Case: 09-10937 Document: 00511317508 Page: 1 Date Filed: 12/09/2010
IN THE UNITED STATES COURT OF APPEALS
FOR THE FIFTH CIRCUIT United States Court of Appeals
Fifth Circuit
FILED
December 9, 2010
No. 09-10937 Lyle W. Cayce
Clerk
UNITED STATES OF AMERICA,
Plaintiff-Appellee
v.
DANNY RAY BARRETT,
Defendant-Appellant
Appeal from the United States District Court
for the Northern District of Texas
USDC No. 3:07-CR-358-1
Before REAVLEY, BENAVIDES, and CLEMENT, Circuit Judges.
PER CURIAM:*
Danny Ray Barrett pleaded guilty to a superseding indictment charging
him with, inter alia, access device fraud (count 2) and wire fraud (count 5).
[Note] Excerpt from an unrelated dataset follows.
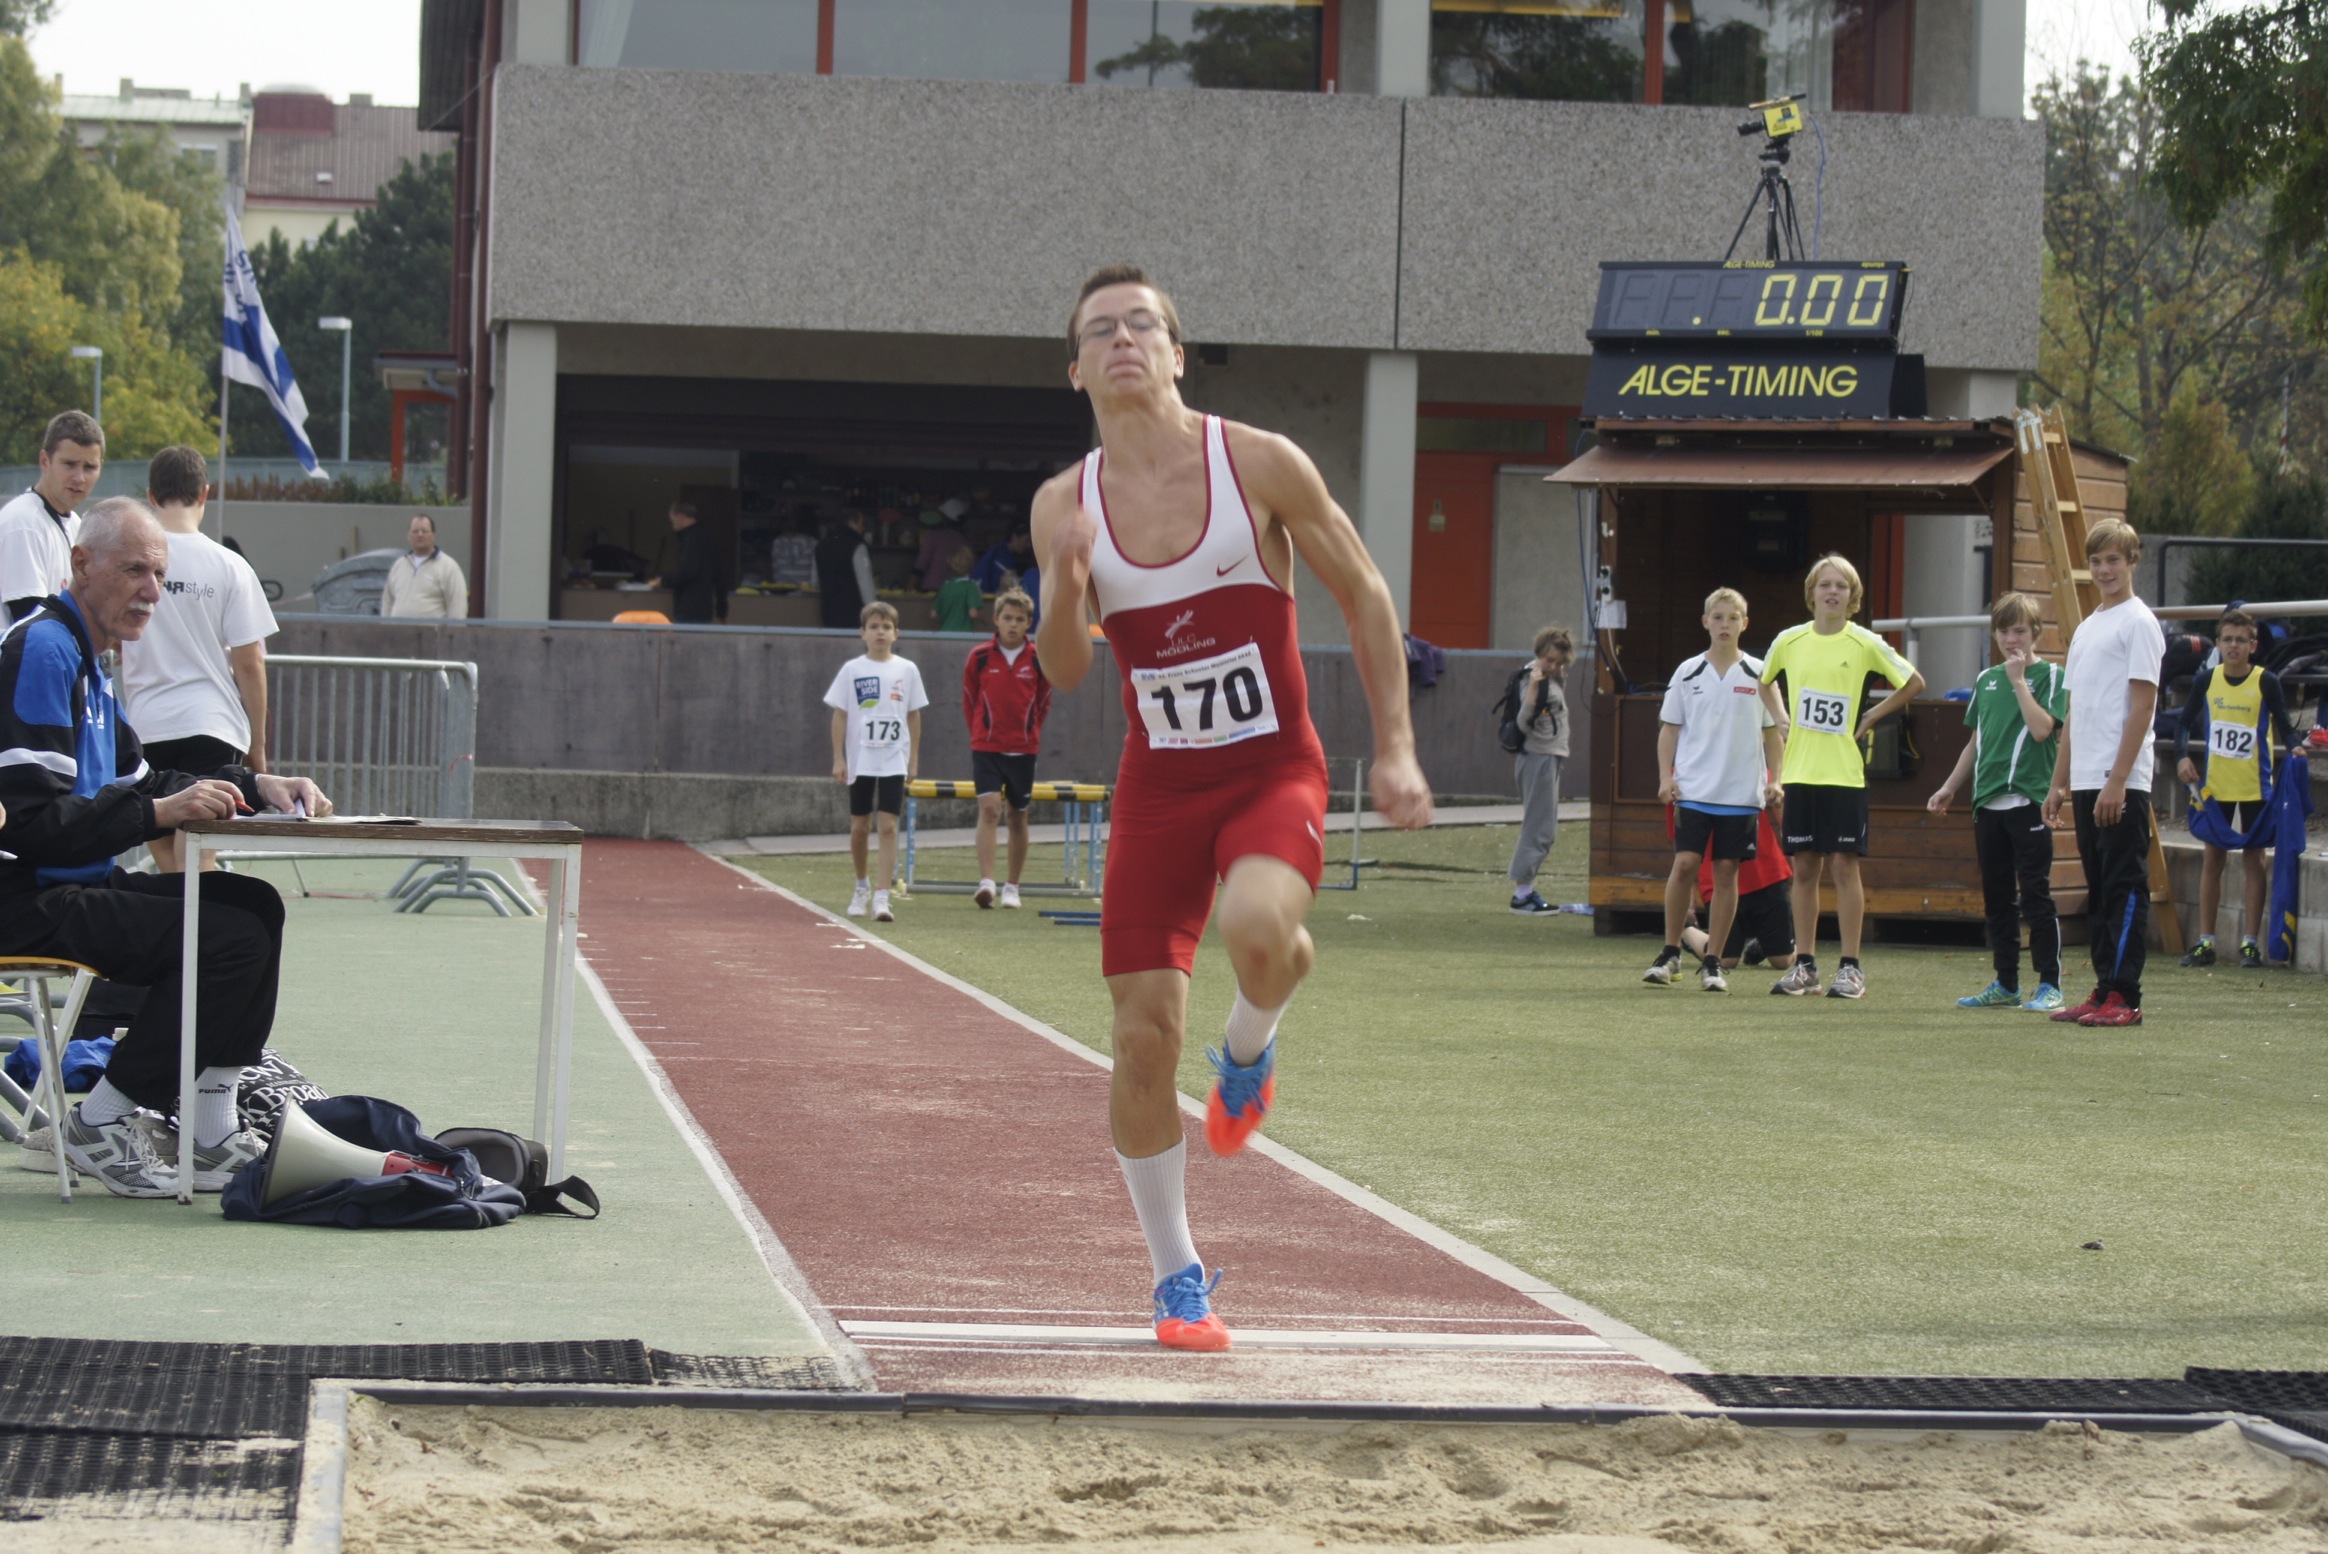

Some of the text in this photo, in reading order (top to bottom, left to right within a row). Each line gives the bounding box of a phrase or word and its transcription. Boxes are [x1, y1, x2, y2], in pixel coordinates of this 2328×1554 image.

The
district court sentenced him to 120 months on each count to be served
concurrently. Barrett seeks to appeal his sentence on the ground that the
district court failed to apply properly U.S.S.G. § 3C1.3 and 18 U.S.C. § 3147. We
conclude that Barrett’s appeal is barred by the appeal waiver of his plea
agreement and DISMISS the appeal.
*
Pursuant to 5TH CIR . R. 47.5, the court has determined that this opinion should not
be published and is not precedent except under the limited circumstances set forth in 5TH CIR .
R. 47.5.4.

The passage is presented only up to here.